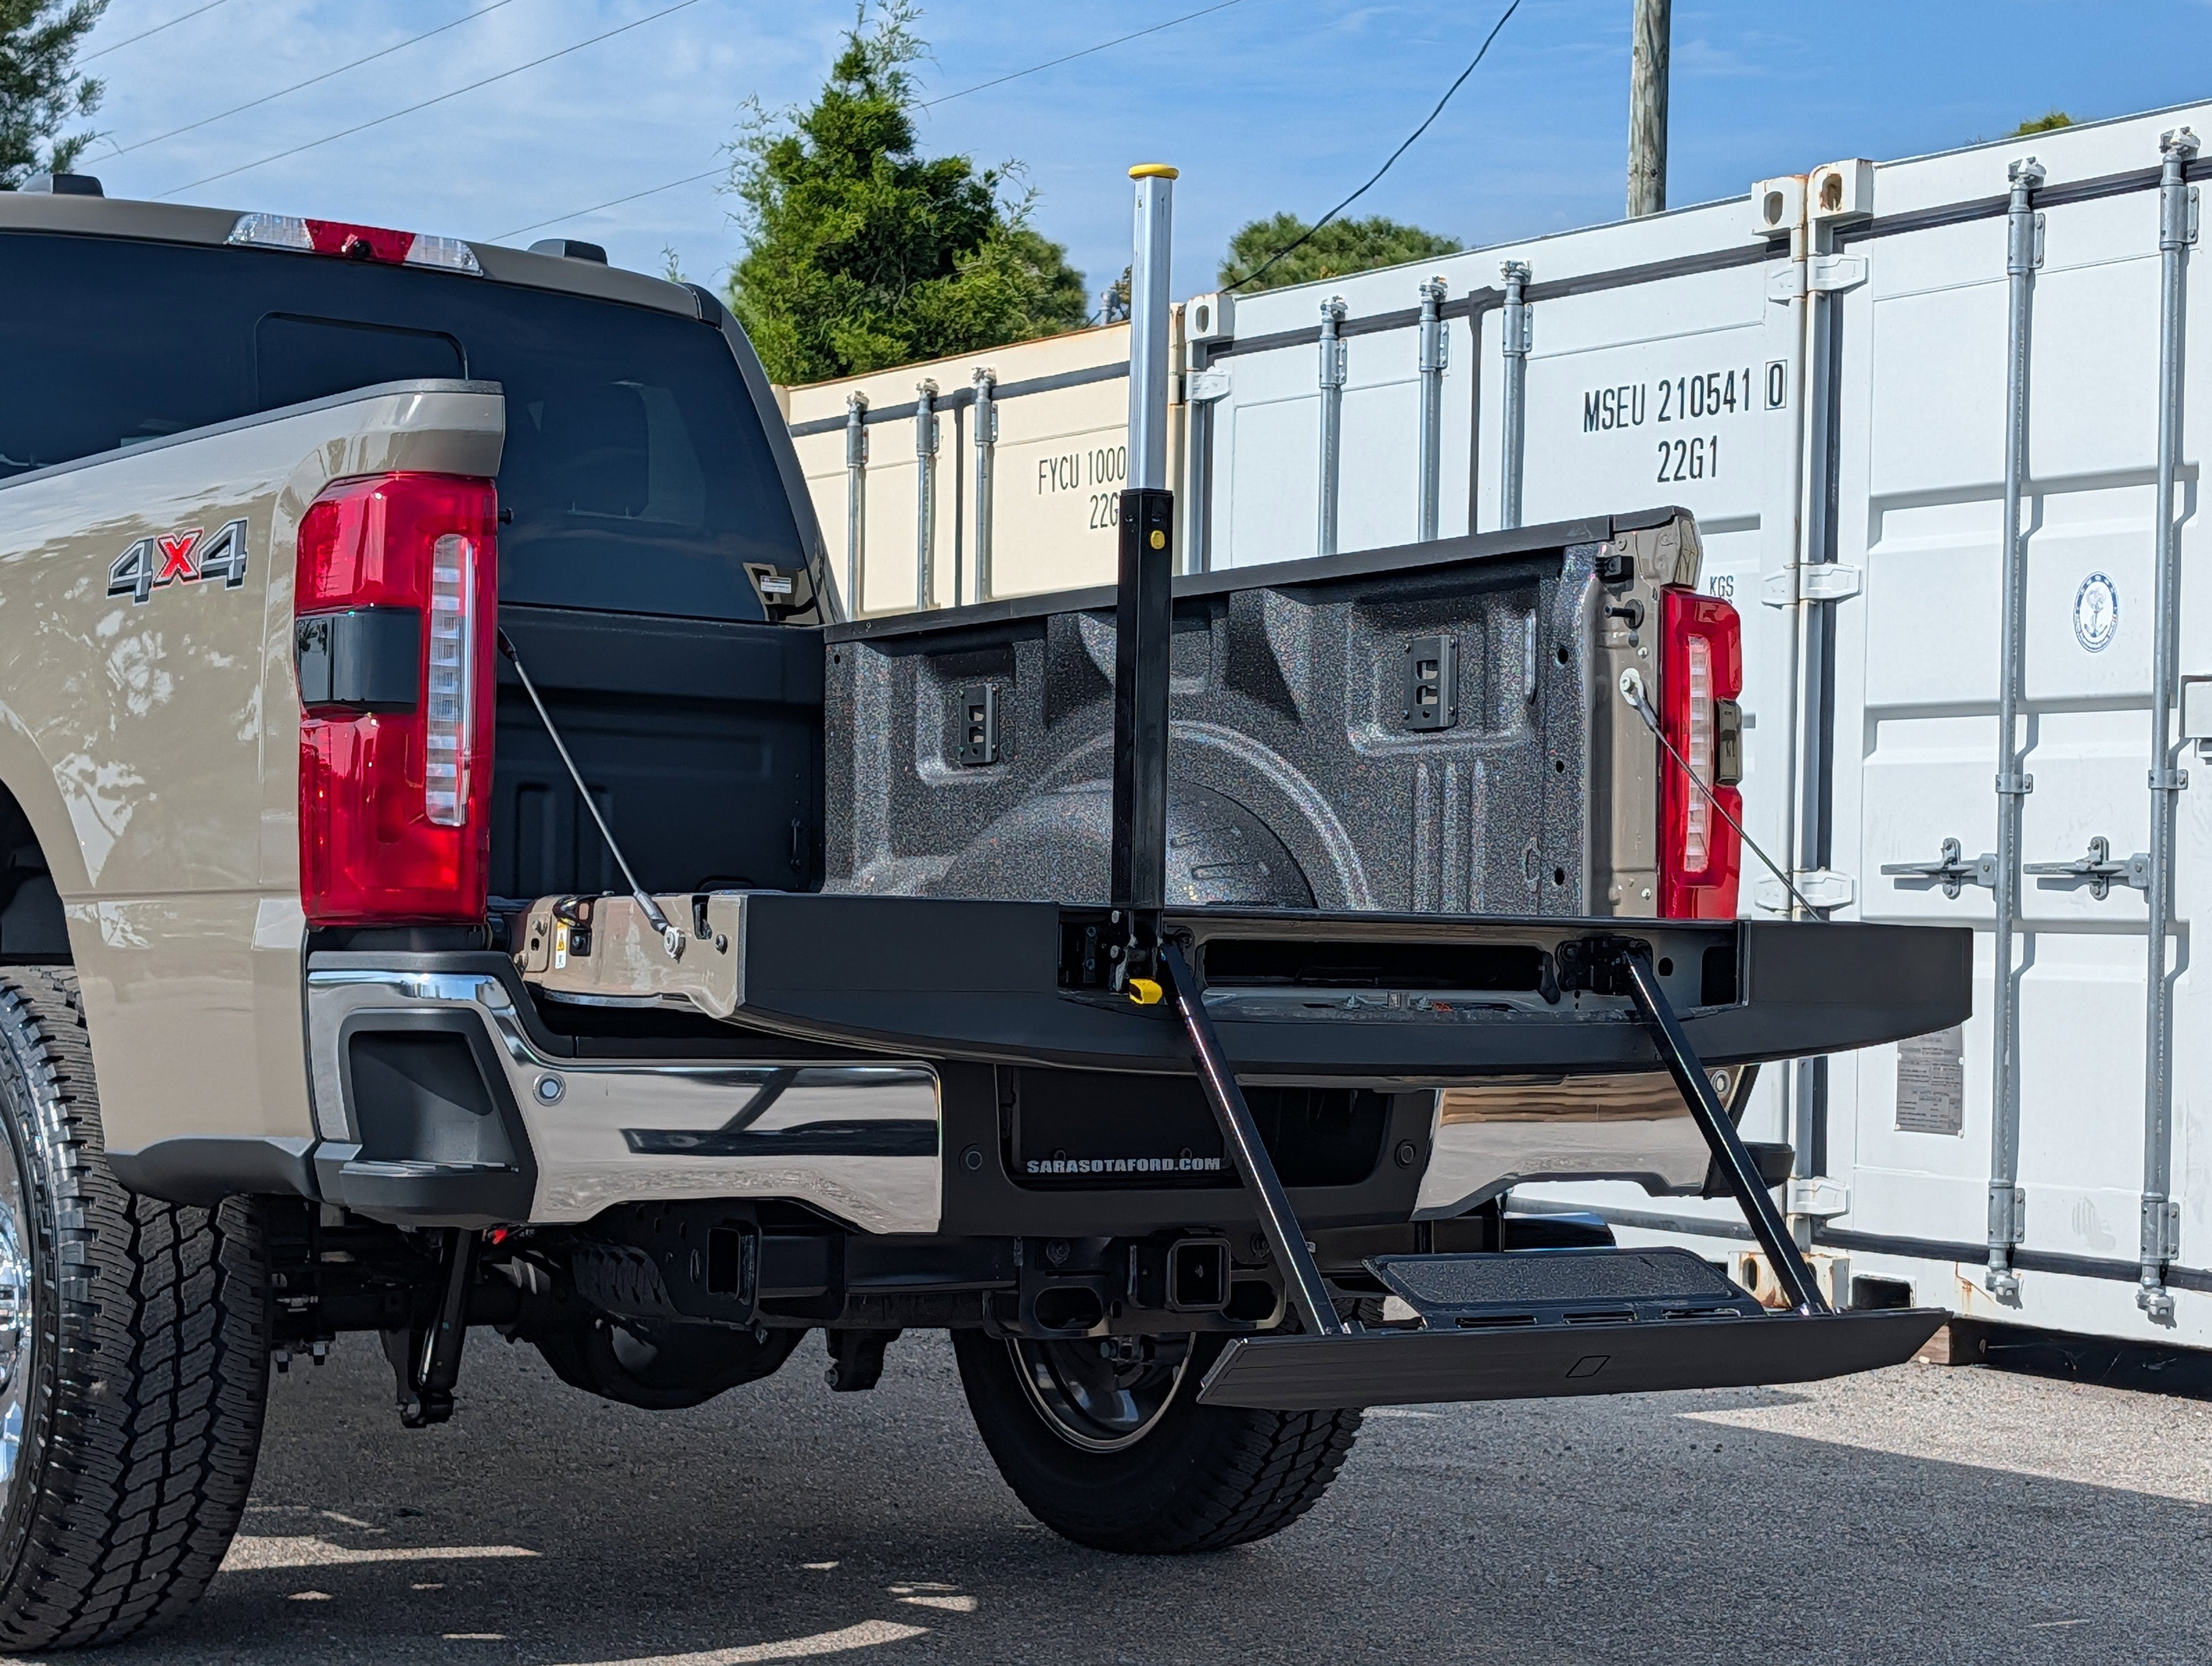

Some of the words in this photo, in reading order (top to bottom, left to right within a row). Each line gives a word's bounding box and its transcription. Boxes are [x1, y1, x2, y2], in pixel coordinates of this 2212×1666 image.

[1583, 384, 1645, 432] MSEU
[1657, 368, 1750, 421] 210541
[1769, 363, 1782, 406] 0
[1038, 453, 1079, 495] FYCU
[1657, 436, 1718, 482] 22G1
[1710, 575, 1733, 597] KGS
[1027, 1158, 1220, 1173] SARASOTAFORD.COM
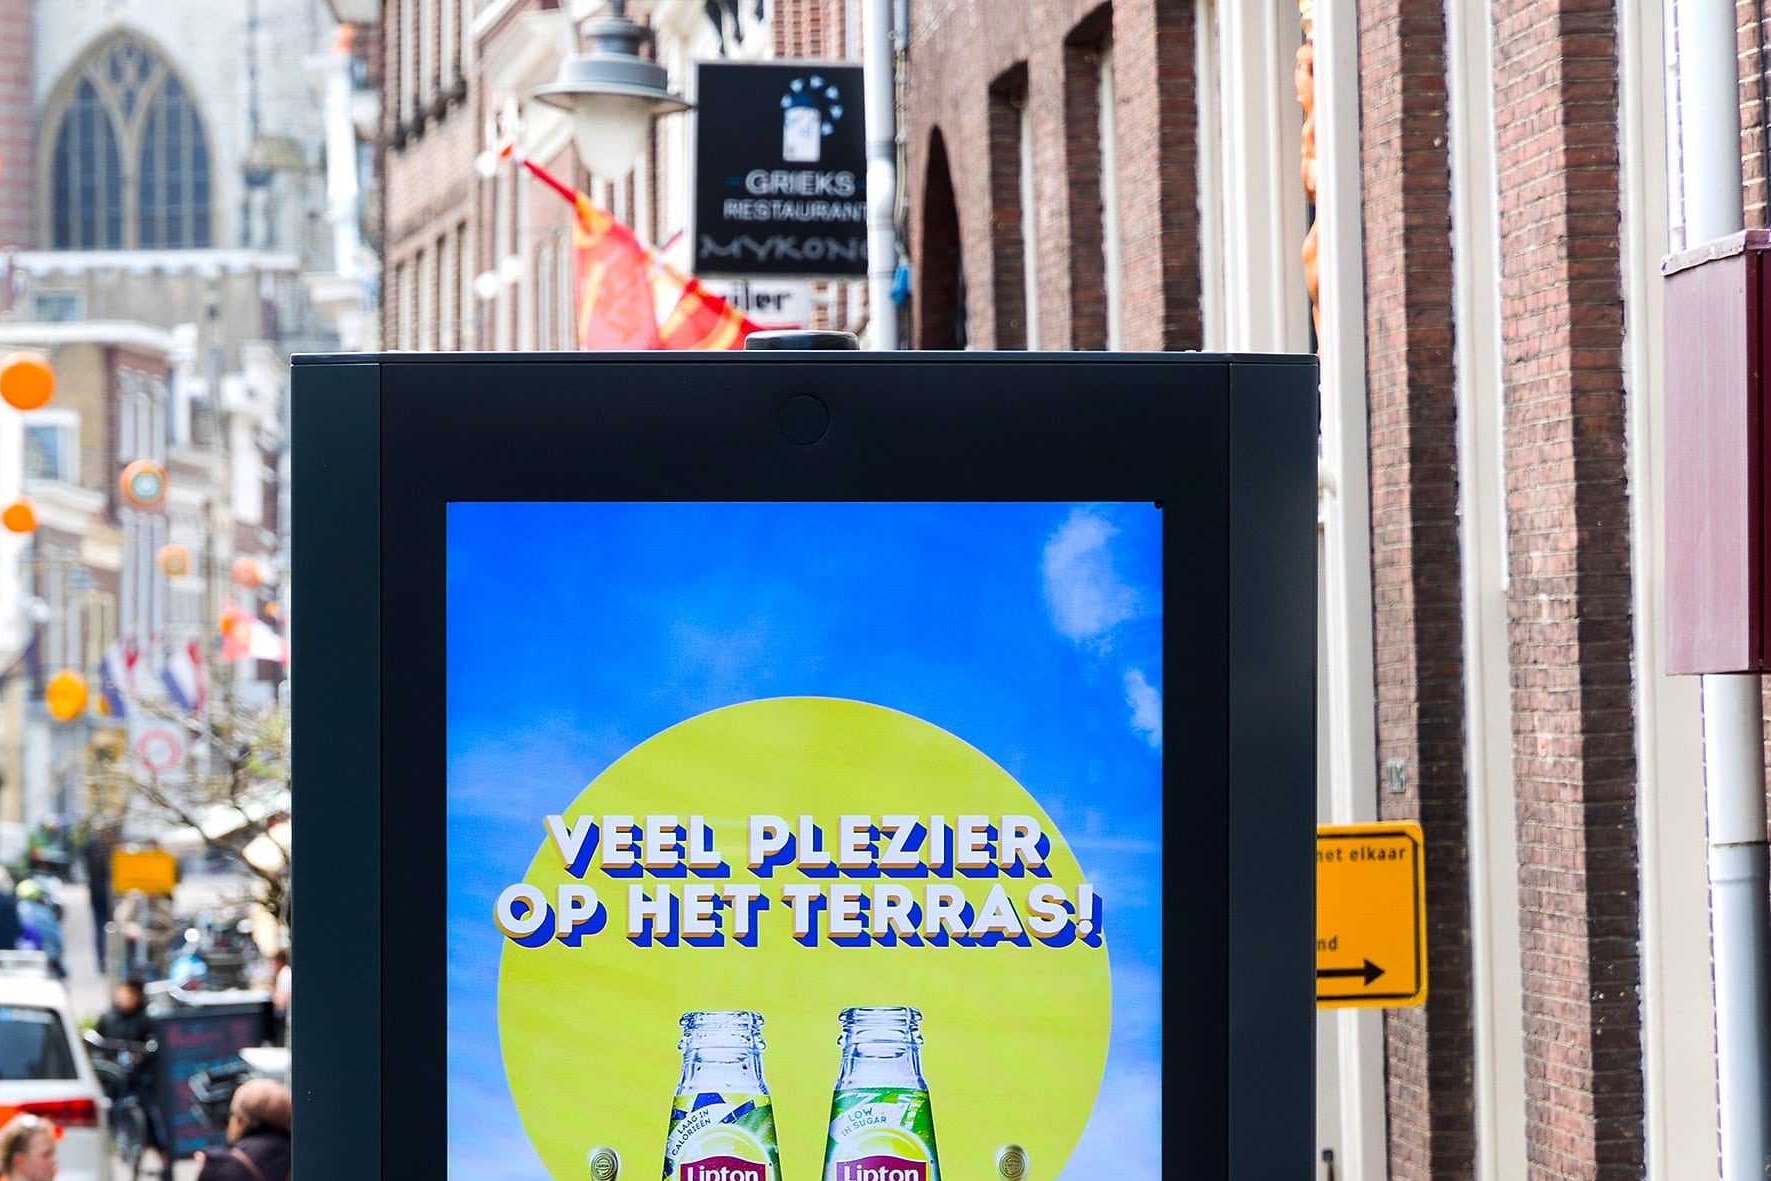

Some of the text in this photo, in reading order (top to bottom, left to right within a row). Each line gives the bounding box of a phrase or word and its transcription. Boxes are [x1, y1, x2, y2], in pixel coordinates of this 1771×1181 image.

§

Repeat the listing above word for word. Do not include the pictures.

Some of the words in this photo, in reading order (top to bottom, left to right within a row). Each line gives a word's bounding box and its transcription. Boxes are [x1, y1, x2, y2], in pixel coordinates of this 2212×1666 image.

[1583, 384, 1645, 432] MSEU
[1657, 368, 1750, 421] 210541
[1769, 363, 1782, 406] 0
[1038, 453, 1079, 495] FYCU
[1657, 436, 1718, 482] 22G1
[1710, 575, 1733, 597] KGS
[1027, 1158, 1220, 1173] SARASOTAFORD.COM

Some of the text in this photo, in reading order (top to bottom, left to right within a row). Each line gives the bounding box of a phrase or word and its transcription. Boxes are [x1, y1, x2, y2], in pixel coordinates of this 1771×1181 image.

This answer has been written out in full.